EXERCISE DATA:
-- Opening Marker --

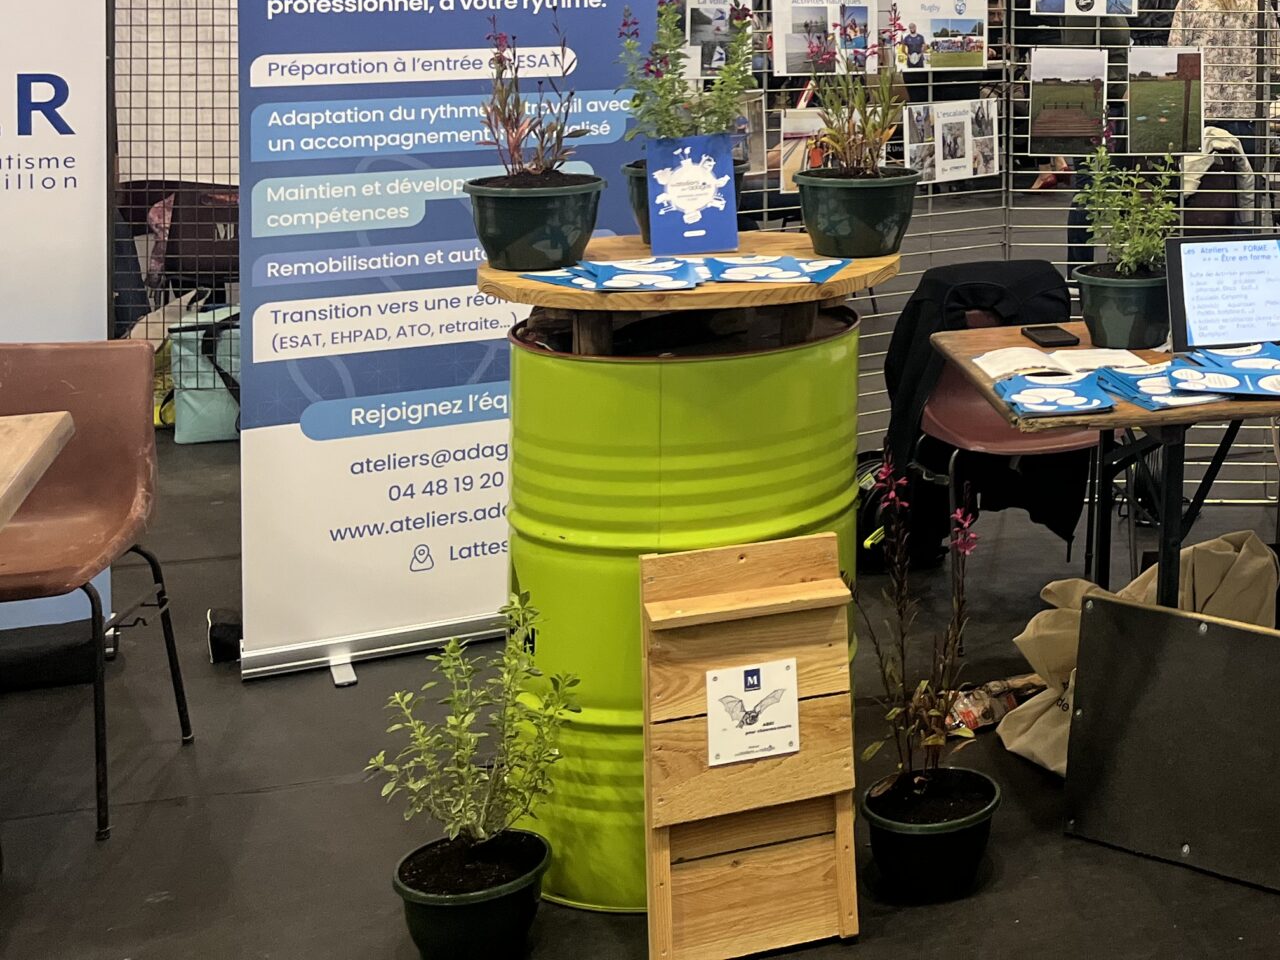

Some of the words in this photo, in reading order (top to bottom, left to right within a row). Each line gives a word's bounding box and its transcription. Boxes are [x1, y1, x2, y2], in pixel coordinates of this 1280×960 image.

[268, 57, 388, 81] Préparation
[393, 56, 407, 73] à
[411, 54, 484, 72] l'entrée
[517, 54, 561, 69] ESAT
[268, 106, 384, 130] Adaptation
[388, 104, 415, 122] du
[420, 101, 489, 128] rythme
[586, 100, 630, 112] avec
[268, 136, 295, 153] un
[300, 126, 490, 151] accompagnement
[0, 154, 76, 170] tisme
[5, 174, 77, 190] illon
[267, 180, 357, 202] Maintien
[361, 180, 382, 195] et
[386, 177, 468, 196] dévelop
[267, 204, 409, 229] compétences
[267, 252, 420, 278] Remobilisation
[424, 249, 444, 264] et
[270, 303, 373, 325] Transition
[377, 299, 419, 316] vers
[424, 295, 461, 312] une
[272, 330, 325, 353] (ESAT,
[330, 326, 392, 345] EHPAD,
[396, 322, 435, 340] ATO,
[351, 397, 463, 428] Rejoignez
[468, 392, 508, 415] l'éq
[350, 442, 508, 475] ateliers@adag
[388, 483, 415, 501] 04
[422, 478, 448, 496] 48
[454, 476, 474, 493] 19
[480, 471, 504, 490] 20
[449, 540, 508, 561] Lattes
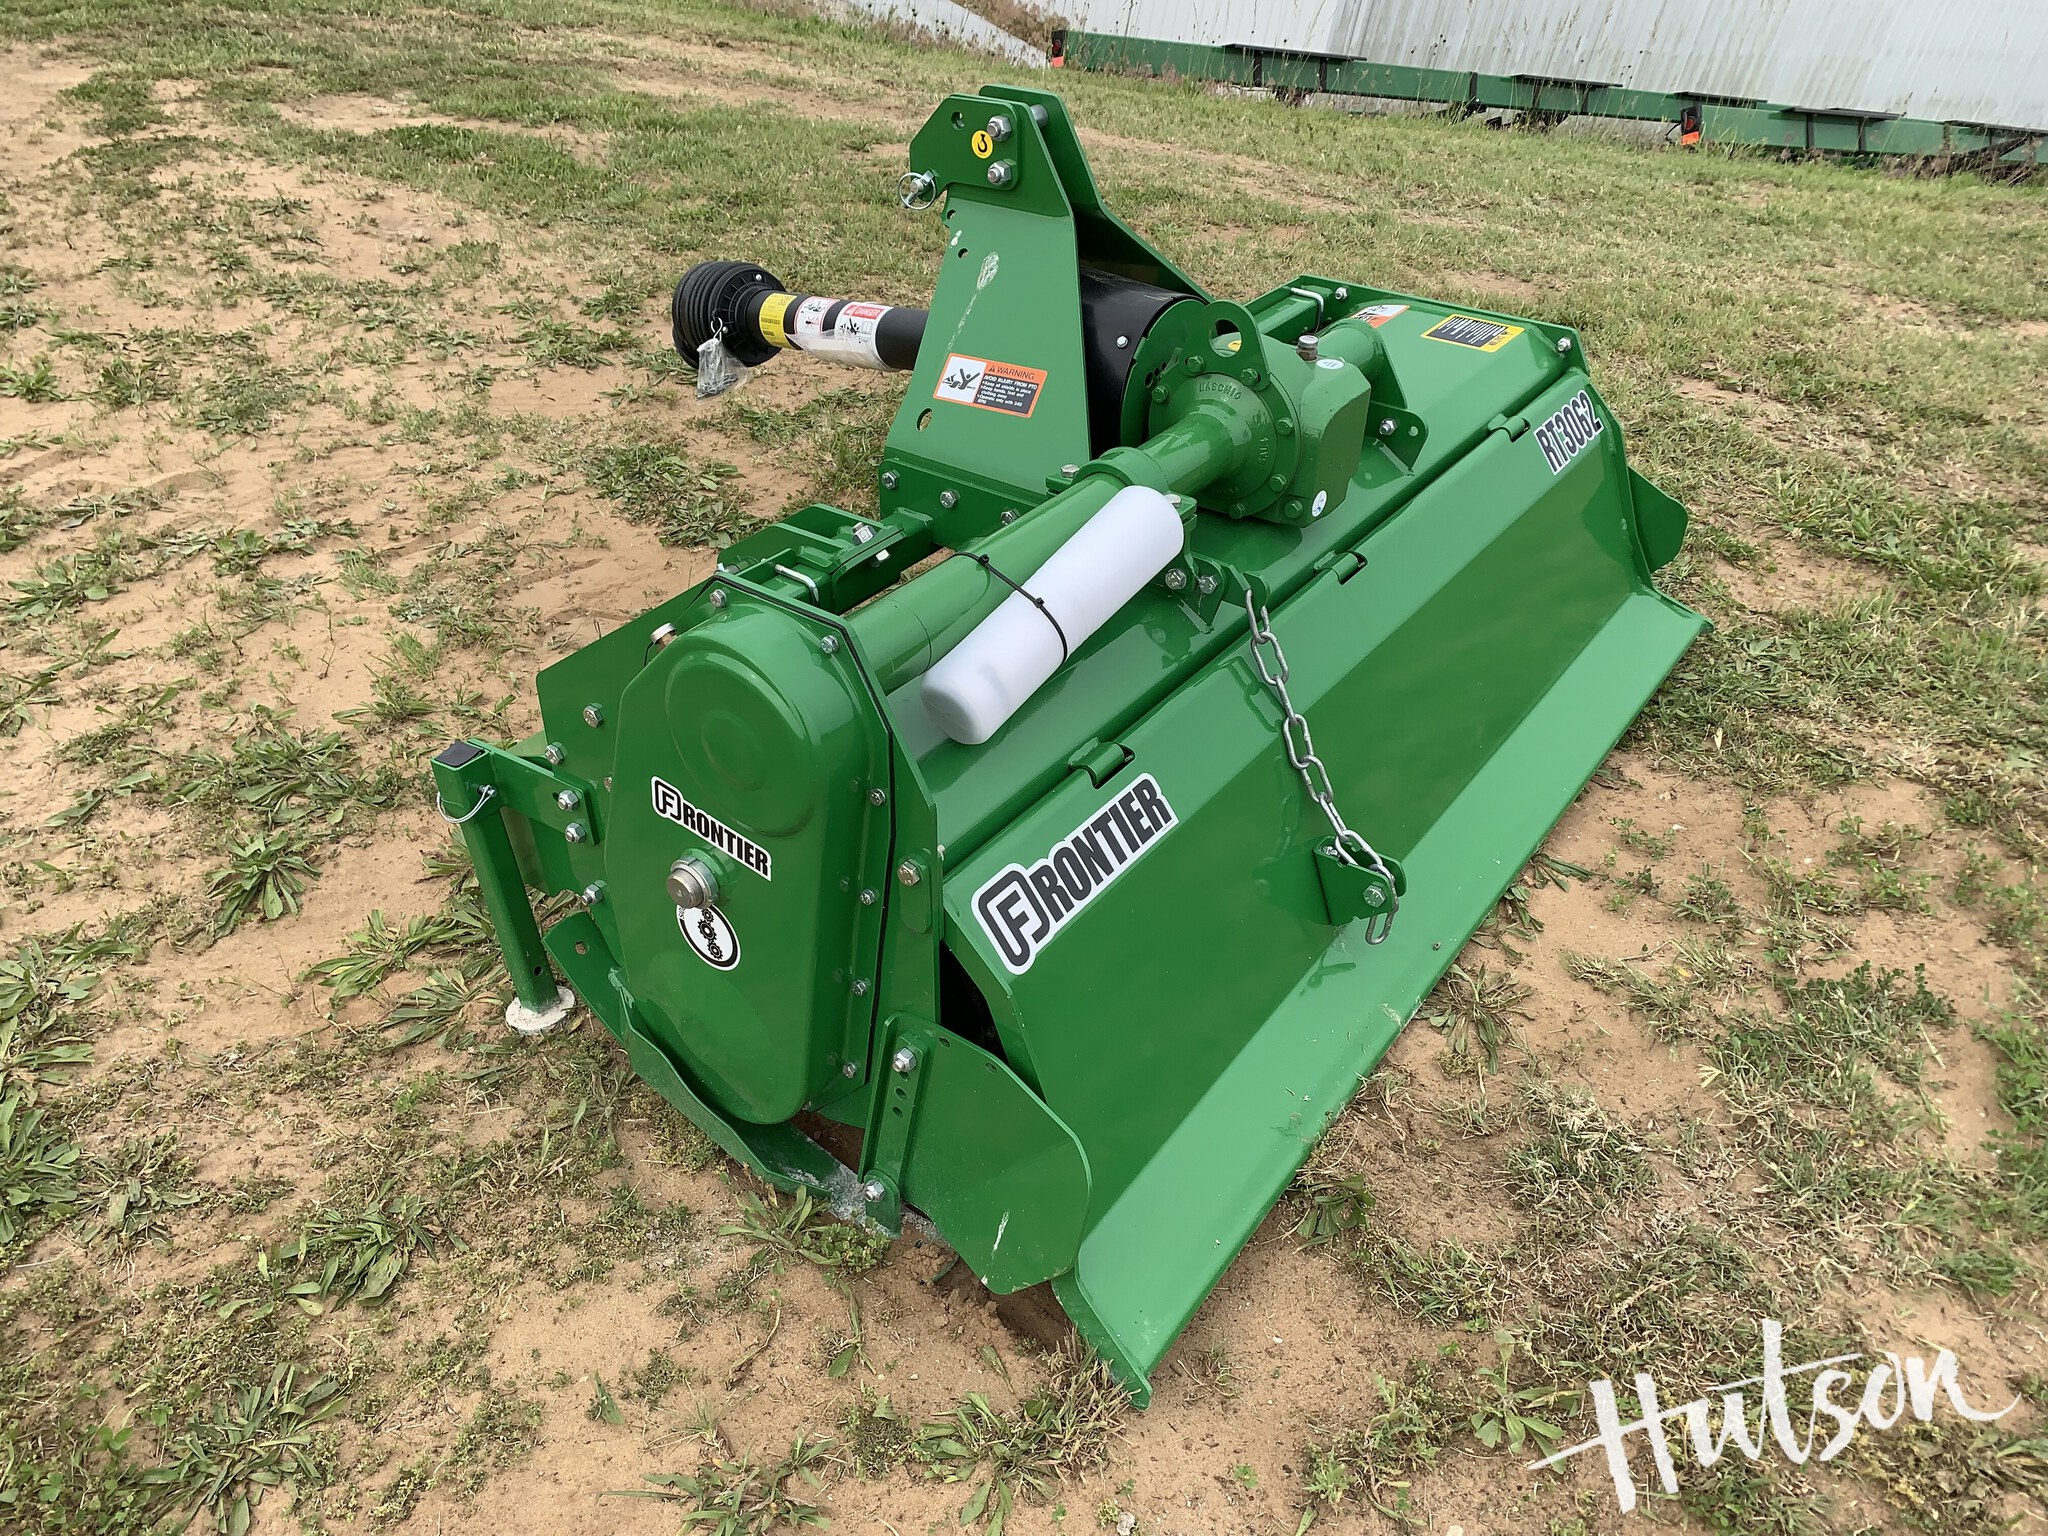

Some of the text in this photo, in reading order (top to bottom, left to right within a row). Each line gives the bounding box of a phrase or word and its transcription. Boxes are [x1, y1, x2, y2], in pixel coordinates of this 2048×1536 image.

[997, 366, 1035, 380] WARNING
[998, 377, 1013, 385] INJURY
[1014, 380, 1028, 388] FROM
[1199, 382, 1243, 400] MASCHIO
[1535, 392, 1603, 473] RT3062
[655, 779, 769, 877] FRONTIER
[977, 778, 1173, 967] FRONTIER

-- Closing Marker --

ACTIVITY: Could you restate every record above word for word, dropping the pictures?

PROBLEM SOLUTION:
Some of the words in this photo, in reading order (top to bottom, left to right within a row). Each line gives a word's bounding box and its transcription. Boxes are [x1, y1, x2, y2], in pixel coordinates of this 1280×960 image.

[268, 57, 388, 81] Préparation
[393, 56, 407, 73] à
[411, 54, 484, 72] l'entrée
[517, 54, 561, 69] ESAT
[268, 106, 384, 130] Adaptation
[388, 104, 415, 122] du
[420, 101, 489, 128] rythme
[586, 100, 630, 112] avec
[268, 136, 295, 153] un
[300, 126, 490, 151] accompagnement
[0, 154, 76, 170] tisme
[5, 174, 77, 190] illon
[267, 180, 357, 202] Maintien
[361, 180, 382, 195] et
[386, 177, 468, 196] dévelop
[267, 204, 409, 229] compétences
[267, 252, 420, 278] Remobilisation
[424, 249, 444, 264] et
[270, 303, 373, 325] Transition
[377, 299, 419, 316] vers
[424, 295, 461, 312] une
[272, 330, 325, 353] (ESAT,
[330, 326, 392, 345] EHPAD,
[396, 322, 435, 340] ATO,
[351, 397, 463, 428] Rejoignez
[468, 392, 508, 415] l'éq
[350, 442, 508, 475] ateliers@adag
[388, 483, 415, 501] 04
[422, 478, 448, 496] 48
[454, 476, 474, 493] 19
[480, 471, 504, 490] 20
[449, 540, 508, 561] Lattes

Some of the text in this photo, in reading order (top to bottom, left to right within a row). Each line gives the bounding box of a phrase or word and its transcription. Boxes are [x1, y1, x2, y2], in pixel coordinates of this 2048×1536 image.

[997, 366, 1035, 380] WARNING
[998, 377, 1013, 385] INJURY
[1014, 380, 1028, 388] FROM
[1199, 382, 1243, 400] MASCHIO
[1535, 392, 1603, 473] RT3062
[655, 779, 769, 877] FRONTIER
[977, 778, 1173, 967] FRONTIER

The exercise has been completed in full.